Dataset entries:
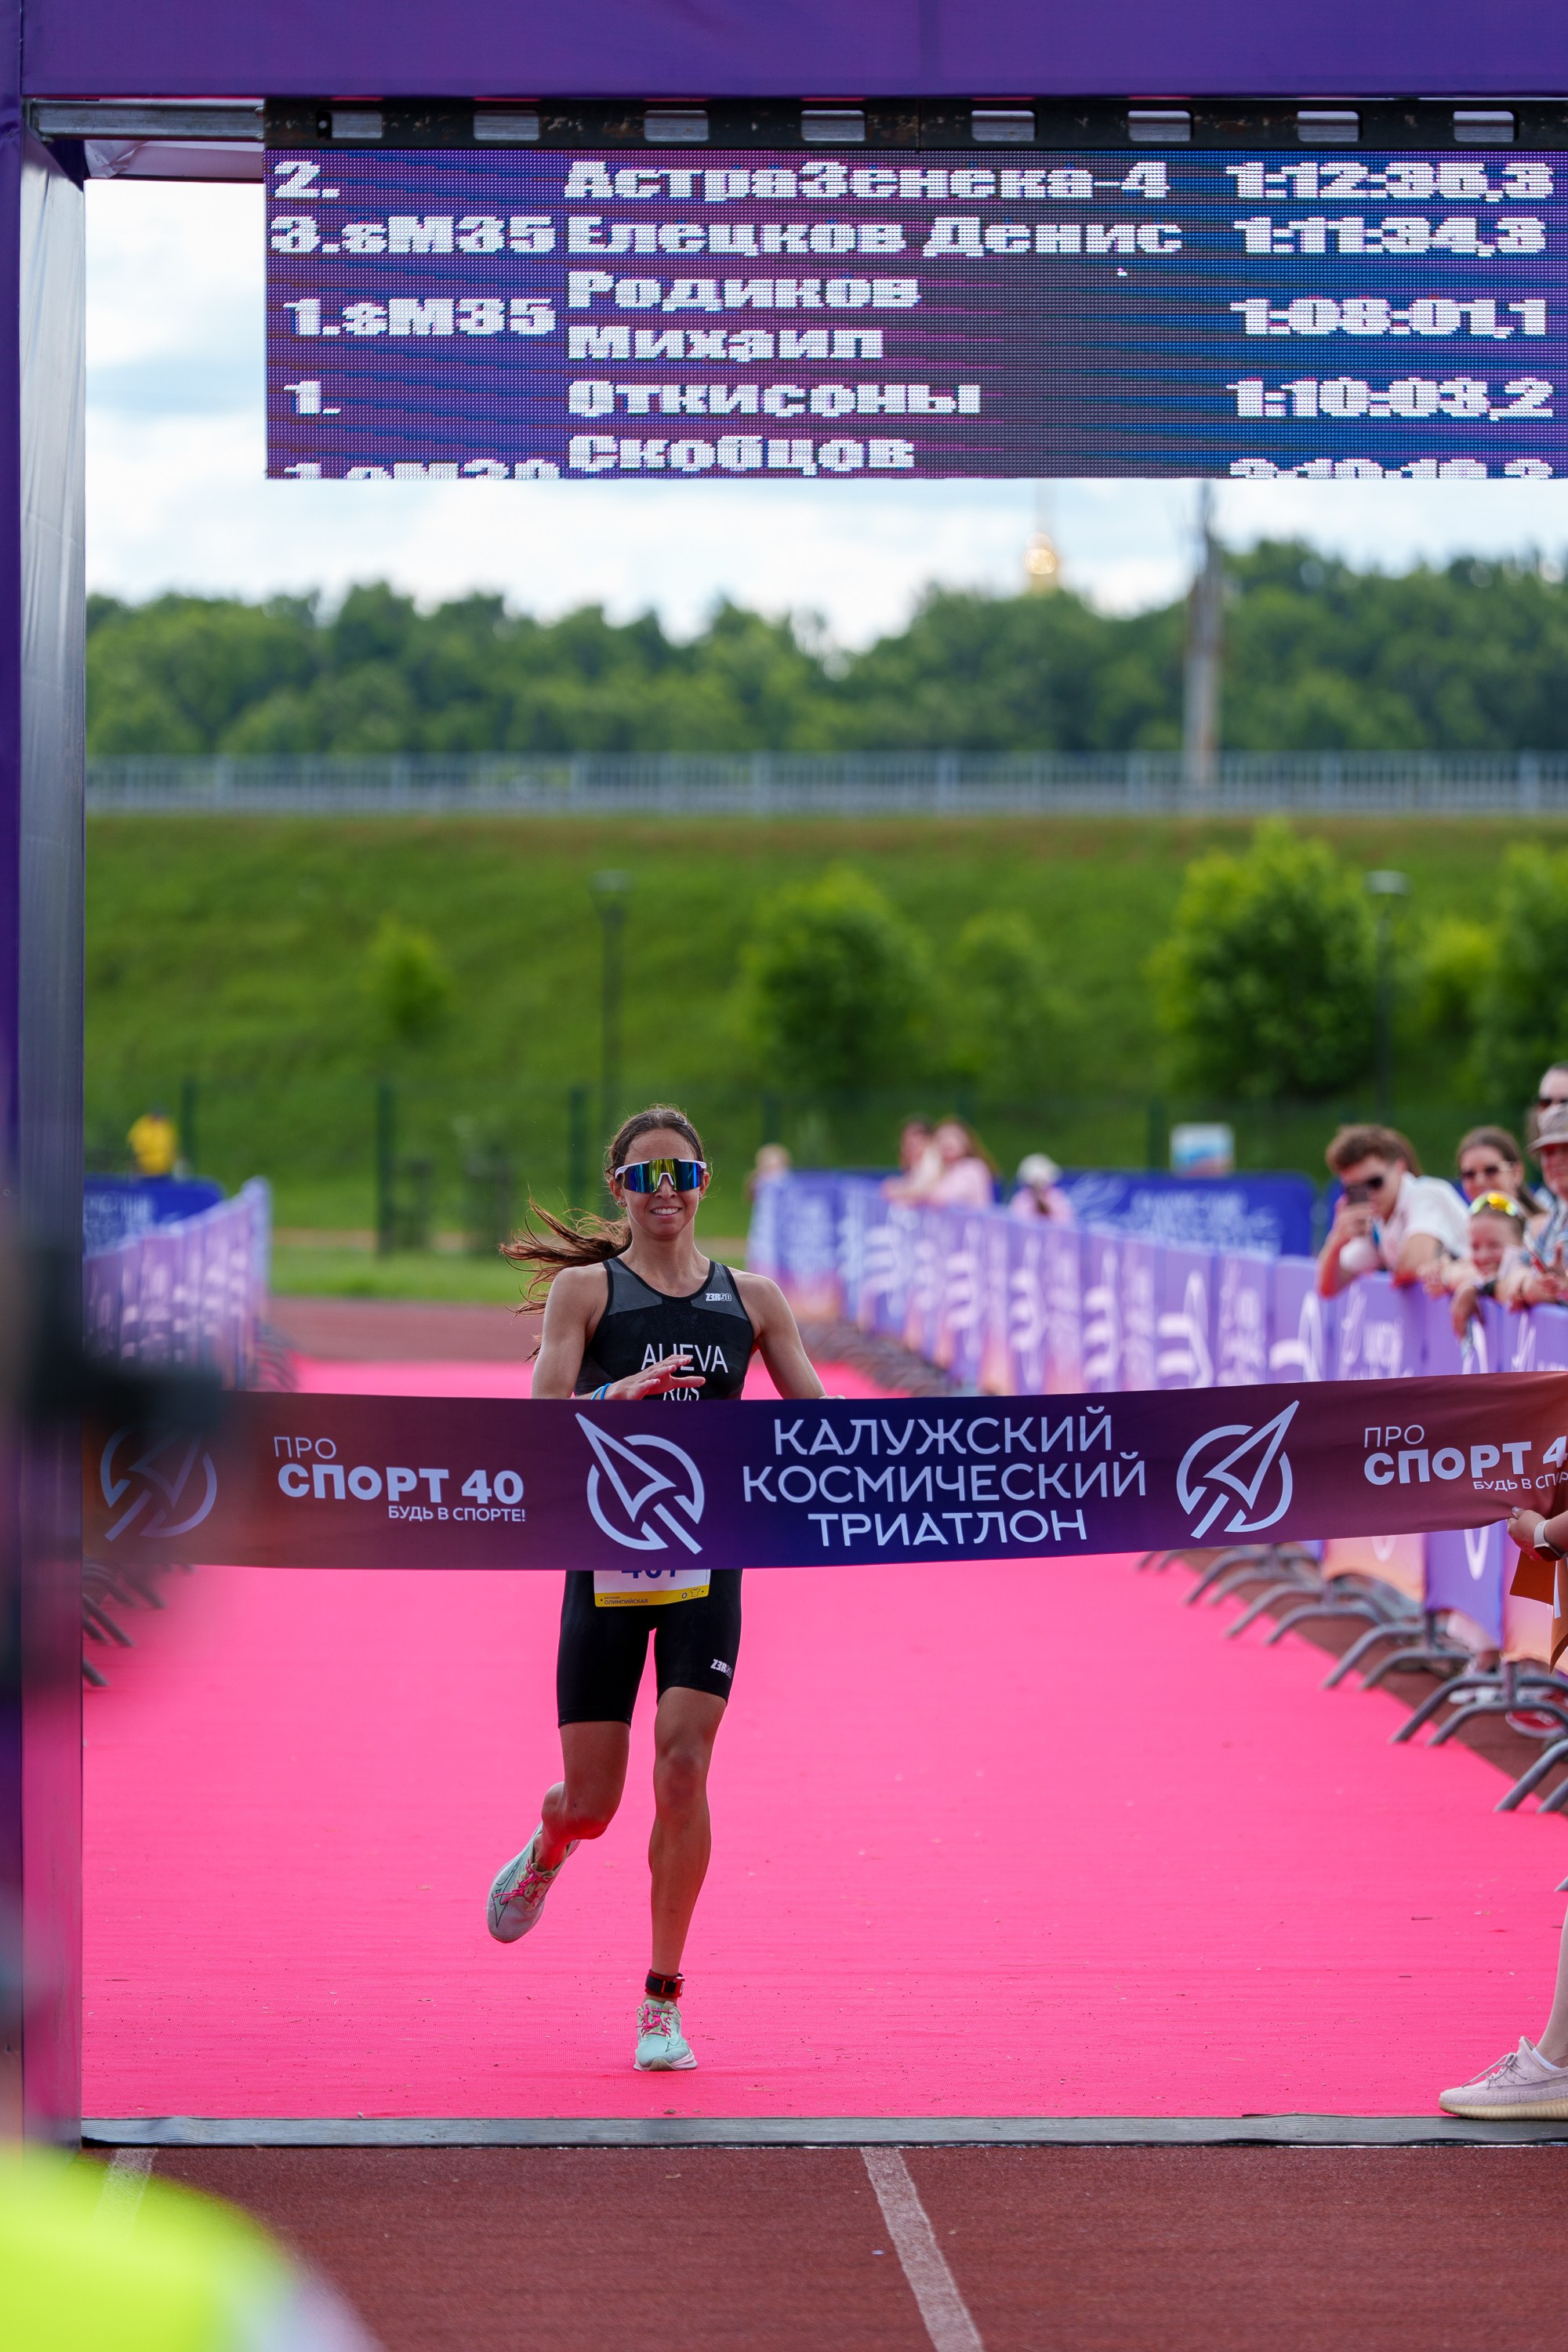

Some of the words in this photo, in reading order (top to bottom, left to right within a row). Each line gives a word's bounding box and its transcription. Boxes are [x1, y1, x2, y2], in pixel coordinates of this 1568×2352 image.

[274, 162, 339, 197] 2.
[568, 216, 906, 256] Елецков
[923, 217, 1182, 256] Денис
[568, 271, 921, 311] Родиков
[568, 326, 884, 361] Михаил
[284, 381, 340, 413] 1.
[568, 381, 981, 417] Откисоны
[568, 435, 915, 475] Скобцов
[274, 1436, 337, 1460] ПРО
[774, 1406, 1112, 1456] КАЛУЖСКИЙ
[1363, 1425, 1425, 1448] ПРО
[742, 1451, 1146, 1503] КОСМИЧЕСКИЙ
[1363, 1441, 1532, 1485] СПОРТ
[278, 1463, 449, 1503] СПОРТ
[461, 1469, 524, 1504] 40
[1472, 1479, 1518, 1492] БУДЬ
[1521, 1478, 1532, 1490] В
[388, 1505, 434, 1522] БУДЬ
[437, 1507, 449, 1520] В
[452, 1508, 526, 1523] СПОРТЕ!
[808, 1509, 1087, 1547] ТРИАТЛОН

--- TRY IT ---
The data above must be copied exactly. Leave out the pictures.

--- EXERCISE RESPONSE ---
Some of the words in this photo, in reading order (top to bottom, left to right within a row). Each line gives a word's bounding box and its transcription. Boxes are [x1, y1, x2, y2], in pixel coordinates of this 1568×2352 image.

[274, 162, 339, 197] 2.
[568, 216, 906, 256] Елецков
[923, 217, 1182, 256] Денис
[568, 271, 921, 311] Родиков
[568, 326, 884, 361] Михаил
[284, 381, 340, 413] 1.
[568, 381, 981, 417] Откисоны
[568, 435, 915, 475] Скобцов
[274, 1436, 337, 1460] ПРО
[774, 1406, 1112, 1456] КАЛУЖСКИЙ
[1363, 1425, 1425, 1448] ПРО
[742, 1451, 1146, 1503] КОСМИЧЕСКИЙ
[1363, 1441, 1532, 1485] СПОРТ
[278, 1463, 449, 1503] СПОРТ
[461, 1469, 524, 1504] 40
[1472, 1479, 1518, 1492] БУДЬ
[1521, 1478, 1532, 1490] В
[388, 1505, 434, 1522] БУДЬ
[437, 1507, 449, 1520] В
[452, 1508, 526, 1523] СПОРТЕ!
[808, 1509, 1087, 1547] ТРИАТЛОН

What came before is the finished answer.